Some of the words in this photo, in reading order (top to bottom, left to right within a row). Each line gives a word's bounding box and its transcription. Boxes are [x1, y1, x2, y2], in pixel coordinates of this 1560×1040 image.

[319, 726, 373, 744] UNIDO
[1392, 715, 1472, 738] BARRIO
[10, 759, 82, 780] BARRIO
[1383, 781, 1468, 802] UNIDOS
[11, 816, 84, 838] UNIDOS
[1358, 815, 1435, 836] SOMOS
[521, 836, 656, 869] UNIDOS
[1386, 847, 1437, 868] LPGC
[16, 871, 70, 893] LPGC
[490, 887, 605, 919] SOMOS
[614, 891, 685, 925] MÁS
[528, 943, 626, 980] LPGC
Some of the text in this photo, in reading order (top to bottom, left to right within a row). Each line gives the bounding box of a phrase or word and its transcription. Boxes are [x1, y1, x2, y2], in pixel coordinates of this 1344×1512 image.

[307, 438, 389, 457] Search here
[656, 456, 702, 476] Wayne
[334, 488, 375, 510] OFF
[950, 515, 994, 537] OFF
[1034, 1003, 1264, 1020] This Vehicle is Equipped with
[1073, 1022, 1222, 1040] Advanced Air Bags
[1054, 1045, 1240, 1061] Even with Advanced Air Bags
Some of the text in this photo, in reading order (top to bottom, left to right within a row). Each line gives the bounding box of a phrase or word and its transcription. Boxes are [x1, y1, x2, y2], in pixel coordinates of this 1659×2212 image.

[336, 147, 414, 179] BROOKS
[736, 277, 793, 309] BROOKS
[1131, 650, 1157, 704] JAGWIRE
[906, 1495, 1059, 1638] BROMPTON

Goal of the exercise: Once you have read the listing, retype it in full, word for word.

Expected answer:
Some of the words in this photo, in reading order (top to bottom, left to right within a row). Each line gives a word's bounding box and its transcription. Boxes are [x1, y1, x2, y2], in pixel coordinates of this 1560×1040 image.

[319, 726, 373, 744] UNIDO
[1392, 715, 1472, 738] BARRIO
[10, 759, 82, 780] BARRIO
[1383, 781, 1468, 802] UNIDOS
[11, 816, 84, 838] UNIDOS
[1358, 815, 1435, 836] SOMOS
[521, 836, 656, 869] UNIDOS
[1386, 847, 1437, 868] LPGC
[16, 871, 70, 893] LPGC
[490, 887, 605, 919] SOMOS
[614, 891, 685, 925] MÁS
[528, 943, 626, 980] LPGC
Some of the text in this photo, in reading order (top to bottom, left to right within a row). Each line gives the bounding box of a phrase or word and its transcription. Boxes are [x1, y1, x2, y2], in pixel coordinates of this 1344×1512 image.

[307, 438, 389, 457] Search here
[656, 456, 702, 476] Wayne
[334, 488, 375, 510] OFF
[950, 515, 994, 537] OFF
[1034, 1003, 1264, 1020] This Vehicle is Equipped with
[1073, 1022, 1222, 1040] Advanced Air Bags
[1054, 1045, 1240, 1061] Even with Advanced Air Bags
Some of the text in this photo, in reading order (top to bottom, left to right within a row). Each line gives the bounding box of a phrase or word and its transcription. Boxes are [x1, y1, x2, y2], in pixel coordinates of this 1659×2212 image.

[336, 147, 414, 179] BROOKS
[736, 277, 793, 309] BROOKS
[1131, 650, 1157, 704] JAGWIRE
[906, 1495, 1059, 1638] BROMPTON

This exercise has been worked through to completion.